Highlighting contact information

The <address> element is probably the most badly named and misunderstood element in HTML. At first glance, with a name like “address” it would appear that it is used to encapsulate addresses, email, postal or otherwise. This is only partially the case.

The actual meaning of <address> is to supply contact information for the author or authors of the page, or the major section of the page, that it appears within. This can take the form of a name, an email address, a postal address or a link to another page with more contact information. For example:

<address> 
  <span>Mark Norman Francis</span>, 
  <span class="tel">1-800-555-4865</span>
</address>

In the following example, the address is contained within the footer paragraph and simply links to another page on the site. The extended contact information on the page that this link targets could then have much more detailed contact information, to save repeating it endlessly across the entire site.

<footer>
<p>© Copyright 2011</p>
<address>
<a href="/contact/">Mark Norman Francis</a>
</address>
</footer>

Of course, if the site had more than one author, the same pattern could be used, just linking to different contact pages for the different authors.

It is *incorrect* to use the <address> element to indicate any other type of addresses, such as this:

<p> Our company address: </p>
  <address>
    Opera Software ASA,
    Waldemar Thranes gate 98,
    NO-0175 OSLO,
    NORWAY
  </address>

(Of course, if Opera was taking collective responsibility for this article, this would be correct, even though Opera is not the author of this particular page.)

For any general address, you can use something called a "microformat" to indicate that a paragraph contains an address. There is more information on Microformats on dev.opera.com].
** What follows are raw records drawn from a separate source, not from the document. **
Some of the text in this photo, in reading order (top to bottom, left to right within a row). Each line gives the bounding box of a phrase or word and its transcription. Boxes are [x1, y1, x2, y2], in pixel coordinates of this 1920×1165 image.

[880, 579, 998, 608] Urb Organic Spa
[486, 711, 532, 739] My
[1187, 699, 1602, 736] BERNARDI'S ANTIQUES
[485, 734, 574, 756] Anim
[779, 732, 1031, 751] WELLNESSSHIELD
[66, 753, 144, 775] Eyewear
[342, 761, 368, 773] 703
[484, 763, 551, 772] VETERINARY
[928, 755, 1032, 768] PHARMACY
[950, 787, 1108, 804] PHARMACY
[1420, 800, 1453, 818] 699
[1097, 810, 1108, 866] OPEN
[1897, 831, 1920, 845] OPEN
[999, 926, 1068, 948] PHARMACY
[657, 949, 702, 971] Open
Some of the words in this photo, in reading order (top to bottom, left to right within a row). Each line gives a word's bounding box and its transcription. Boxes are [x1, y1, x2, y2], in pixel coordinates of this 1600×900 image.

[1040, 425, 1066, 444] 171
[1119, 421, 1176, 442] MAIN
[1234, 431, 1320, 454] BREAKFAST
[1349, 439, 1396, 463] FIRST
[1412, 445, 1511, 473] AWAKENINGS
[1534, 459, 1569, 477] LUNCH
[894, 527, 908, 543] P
Programming languages and code

The <code> element is used to indicate computer code or programming languages, such as PHP, JavaScript, CSS, XML and so on. For short samples within a sentence, you would simply wrap the element around the code snippet, like so:

<p>It is bad form to use event handlers like
<code>onclick</code> directly in the HTML.</p>

For larger samples of code which span multiple lines, you can use a preformatted block as shown in the up textual content in HTML article.
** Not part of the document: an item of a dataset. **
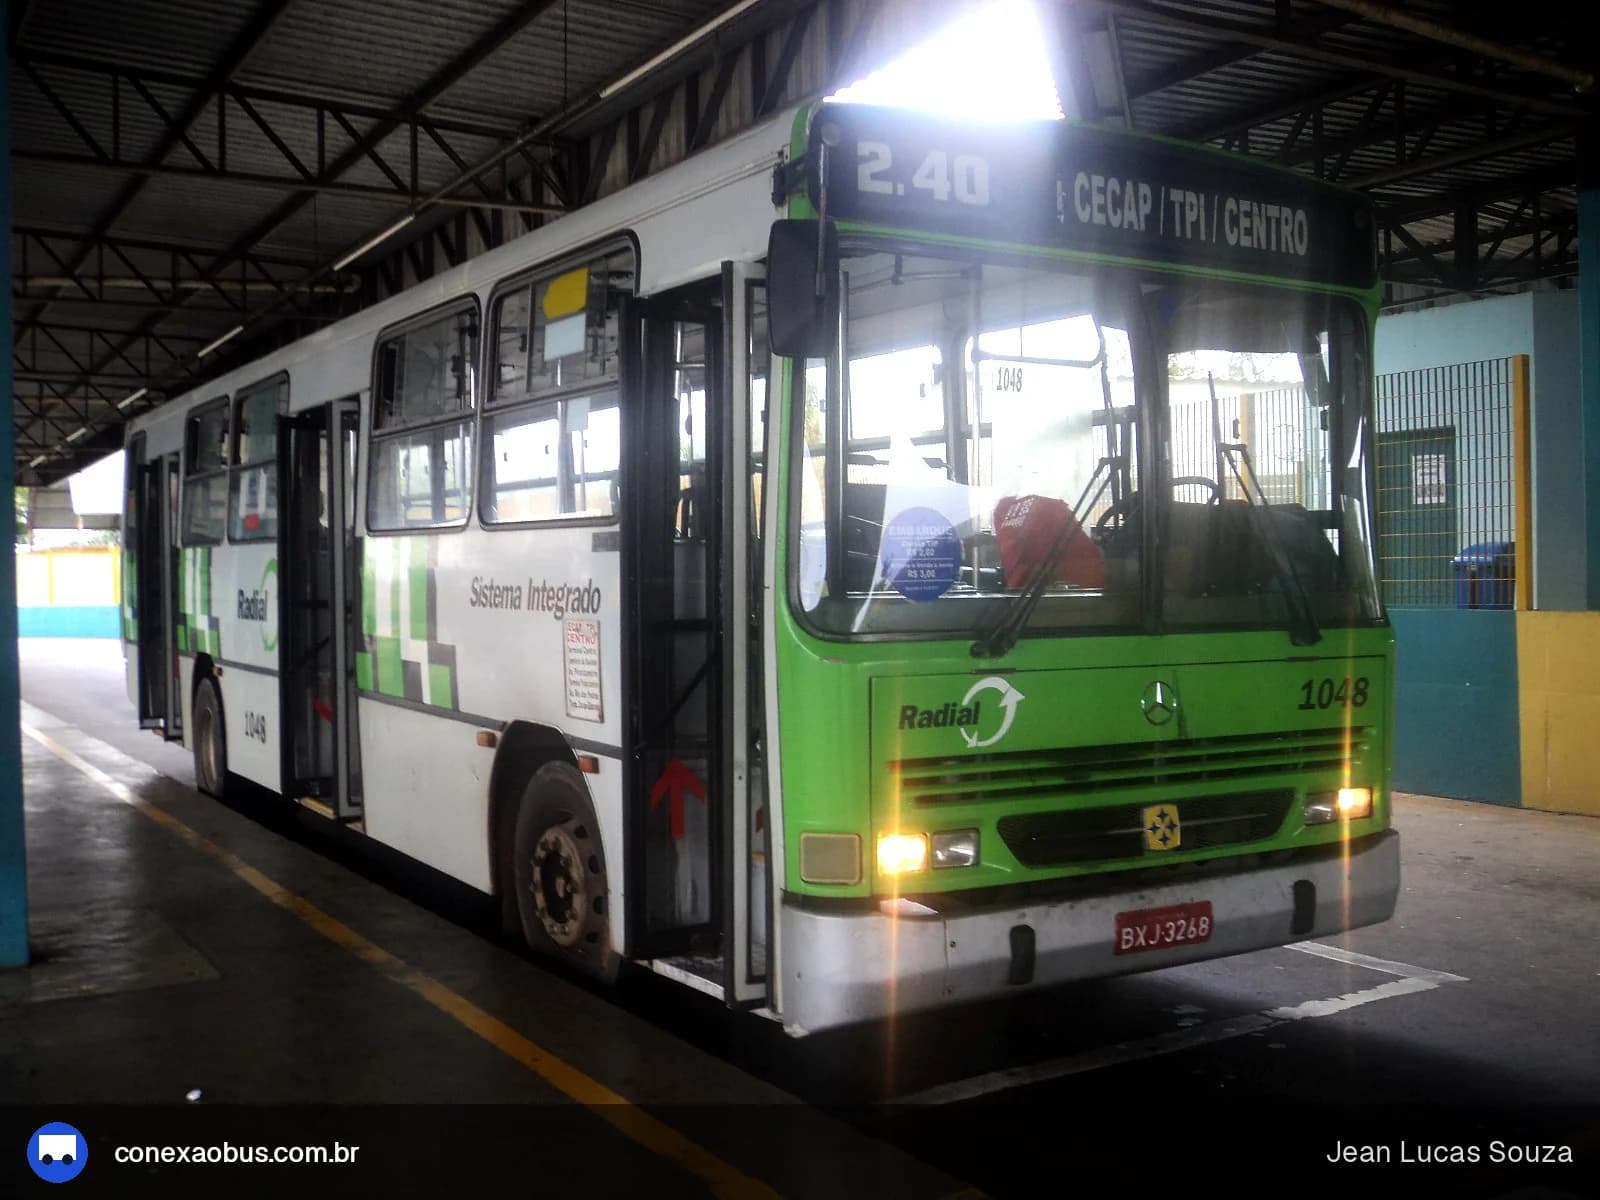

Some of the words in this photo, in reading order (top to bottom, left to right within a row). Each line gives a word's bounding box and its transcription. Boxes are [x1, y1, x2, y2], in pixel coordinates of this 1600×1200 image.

Although there is no defined method of indicating which programming language or code is shown within the <code> element, you can use the class attribute. A common practice (mentioned in the HTML 5 specification) is to use the prefix <language-> and then append the language name. So the above example would become:

<p>It is bad form to use event handlers like 
<code class="language-javascript">onclick</code>
directly in the HTML.</p>

Some programming languages have names that cannot be easily represented in classes, such as C# (C-Sharp). The correct way of writing this would be “<class='language-c\#'>”, which could be confusing and easily mis-typed. I would recommend using a class consisting of only letters and hyphens, and spelling it out completely. So in this case, use “<class='language-csharp'>” instead.

Displaying computer interaction

The two elements <samp> and <kbd> can be used to indicate the input and output of interaction with a computer program. For example:

<p>One common method of determining if a computer is connected
to the internet is to use the computer program <code>ping</code>
to see if a computer likely to be running is reachable.</p>

<pre><samp class="prompt">kittaghy%</samp> <kbd>ping -o google.com</kbd>
  <samp>PING google.com (64.233.187.99): 56 data bytes
  64 bytes from 64.233.187.99: icmp_seq=0 ttl=242 time=108.995 ms

  --- google.com ping statistics ---
  1 packets transmitted, 1 packets received, 0% packet loss
  round-trip min/avg/max/stddev = 108.995/108.995/108.995/0.000 ms
  </samp></pre>

The <samp> element indicates sample output from a computer program. As shown in the example, different types of output can be indicated using the class attribute. There are no widely adopted conventions for which kind of classes to use, however.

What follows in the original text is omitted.